Assigned task:
The response must contain every line of the records that follow, duplicated exactly.
━━━━━ Supplied material
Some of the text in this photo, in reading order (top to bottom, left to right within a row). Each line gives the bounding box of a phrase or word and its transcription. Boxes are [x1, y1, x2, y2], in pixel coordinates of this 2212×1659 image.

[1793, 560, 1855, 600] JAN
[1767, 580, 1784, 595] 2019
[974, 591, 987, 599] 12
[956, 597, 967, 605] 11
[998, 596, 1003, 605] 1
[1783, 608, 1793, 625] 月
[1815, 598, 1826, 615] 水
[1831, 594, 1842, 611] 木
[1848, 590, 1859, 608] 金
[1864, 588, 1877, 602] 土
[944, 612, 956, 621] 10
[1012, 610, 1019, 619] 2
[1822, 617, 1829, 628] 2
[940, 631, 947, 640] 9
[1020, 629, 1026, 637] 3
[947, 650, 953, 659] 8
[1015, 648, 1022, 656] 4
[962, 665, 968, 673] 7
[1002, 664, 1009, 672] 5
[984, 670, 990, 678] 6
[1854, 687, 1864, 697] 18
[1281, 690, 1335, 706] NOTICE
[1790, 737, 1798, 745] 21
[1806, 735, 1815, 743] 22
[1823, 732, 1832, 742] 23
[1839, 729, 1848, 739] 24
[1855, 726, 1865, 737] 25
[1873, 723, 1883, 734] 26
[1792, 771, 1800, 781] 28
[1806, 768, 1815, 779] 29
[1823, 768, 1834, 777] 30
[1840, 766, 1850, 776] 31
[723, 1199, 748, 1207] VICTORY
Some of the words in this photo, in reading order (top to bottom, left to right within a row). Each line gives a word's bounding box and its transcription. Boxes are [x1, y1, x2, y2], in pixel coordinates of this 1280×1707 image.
━━━━━━━━━━
Answer section:
Some of the text in this photo, in reading order (top to bottom, left to right within a row). Each line gives the bounding box of a phrase or word and its transcription. Boxes are [x1, y1, x2, y2], in pixel coordinates of this 2212×1659 image.

[1793, 560, 1855, 600] JAN
[1767, 580, 1784, 595] 2019
[974, 591, 987, 599] 12
[956, 597, 967, 605] 11
[998, 596, 1003, 605] 1
[1783, 608, 1793, 625] 月
[1815, 598, 1826, 615] 水
[1831, 594, 1842, 611] 木
[1848, 590, 1859, 608] 金
[1864, 588, 1877, 602] 土
[944, 612, 956, 621] 10
[1012, 610, 1019, 619] 2
[1822, 617, 1829, 628] 2
[940, 631, 947, 640] 9
[1020, 629, 1026, 637] 3
[947, 650, 953, 659] 8
[1015, 648, 1022, 656] 4
[962, 665, 968, 673] 7
[1002, 664, 1009, 672] 5
[984, 670, 990, 678] 6
[1854, 687, 1864, 697] 18
[1281, 690, 1335, 706] NOTICE
[1790, 737, 1798, 745] 21
[1806, 735, 1815, 743] 22
[1823, 732, 1832, 742] 23
[1839, 729, 1848, 739] 24
[1855, 726, 1865, 737] 25
[1873, 723, 1883, 734] 26
[1792, 771, 1800, 781] 28
[1806, 768, 1815, 779] 29
[1823, 768, 1834, 777] 30
[1840, 766, 1850, 776] 31
[723, 1199, 748, 1207] VICTORY
Some of the words in this photo, in reading order (top to bottom, left to right within a row). Each line gives a word's bounding box and its transcription. Boxes are [x1, y1, x2, y2], in pixel coordinates of this 1280×1707 image.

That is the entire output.